Far more disturbing is Bjorn Melhus’ retrouturistic confessional talk show. The Oral Thing (2001) refers to the artist’s use of sampled snatches of conversation from exploitative daytime television programmes (The Maury Povich Show, I believe) and to a phrase repeated in the video itself. The presenter welcomes two floating orbs as guests, who transform into armless, legless figures, disconcertingly mouthing stock phrases from such shows: “She hits me, she pushes me…” “Why? Why? Why?” “I’ve got a big surprise for you”, “and I do the oral thing.” Despite the setting of a lobotomized dystopia, Melhus’ use of recorded footage and familiar motifs borrowed from science-­‐fiction imbues the work with a certain plausibility. It’s not a million miles (or years) from Jeremy Kyle to here.
 
Of course, the tell-­all format has taken on new permutations, with the prevalence of Internet sites such as Youtube and Chatroulette offering individuals a more egalitarian forum to communicate and disseminate their opinions.
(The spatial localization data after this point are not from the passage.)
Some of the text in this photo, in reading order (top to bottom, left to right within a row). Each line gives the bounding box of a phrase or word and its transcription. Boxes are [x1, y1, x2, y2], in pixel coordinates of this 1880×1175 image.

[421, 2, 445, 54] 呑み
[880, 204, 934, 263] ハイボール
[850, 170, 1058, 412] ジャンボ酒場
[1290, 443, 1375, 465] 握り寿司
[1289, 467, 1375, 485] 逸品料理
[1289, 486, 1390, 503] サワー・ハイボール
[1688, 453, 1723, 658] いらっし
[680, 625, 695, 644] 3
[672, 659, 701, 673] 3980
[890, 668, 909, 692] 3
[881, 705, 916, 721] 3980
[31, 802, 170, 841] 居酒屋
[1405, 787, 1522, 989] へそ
Several works pick up this strand. Clint Enns’ Putting Yourself Out There (2009) montages pixellated snippets of webcam footage of online chatroom users against a melancholy soundtrack. The subjects simply look into the middle distance, silently and patiently waiting for a response, any response. This sense of mediated detachment can have sinister results, however, as in Selina Shah’s Connected (2008). Multiple screens-­within-­the-­screen and typed text relay an online correspondence between two subjects, progressively moving from flirtation to provocation to outright hostility. Through an increasingly abrasive electronic score and shifts in conversational tone and style (obscenities, capital letters), Shah demonstrates how the physical distance between speakers can lend itself to unaccountability, aggression and extreme fantasy.
 
In a way, these works challenge the prevailing rhetoric of the Internet as a site of instantaneous communication, global exchange and technological revolution. The dissolution of geographical boundaries might lead to a parallel breakdown of social and ethical ones. To the online user, repercussions are meaningless, or rather, merely virtual. Likewise, such unrestrained freedom of expression can induce a sense of overwhelming stasis, a realisation that if ‘the medium is the message’, then having any actual content to communicate seems irrelevant. Take, for example, Oliver Laric’s 5050 (2007), a montage of music fans cut together to reenact a song by the rap artist 50 Cent. Cute, but hardly anything that couldn’t be seen on You Tube. Instead, the work feels merely like a celebration of the fact that one can contribute, can participate, in the gesture, even if the act itself doesn’t say anything of note.
 
In a way, such appropriation of online sites is unnecessary. Video art has already colonised this territory of the provisional, low­‐budget, short­‐form and endlessly inventive work. The best example of this comes through in a brief and punchy work by the artist(s?) Mice Hell. Suckbrillen (2009) shows a young woman wearing goggles with baby dummies attached in place of eyes, as a couple frantically suckle the rubber nipples. The work evokes the darkly comic, early performance videos of Cheryl Donegan, yet the cutaway shots of the artists struggling to keep a straight face, and the soundtrack of giggling, slurping noises, gives the video the feel of a homemade experiment. It might be amateurish, even crude, but its unsettling simplicity confirms the possibilities inherent in both the video format and the exhibition itself.
 
 
The EYE‐KEA Project was on view 17–25 April 2010.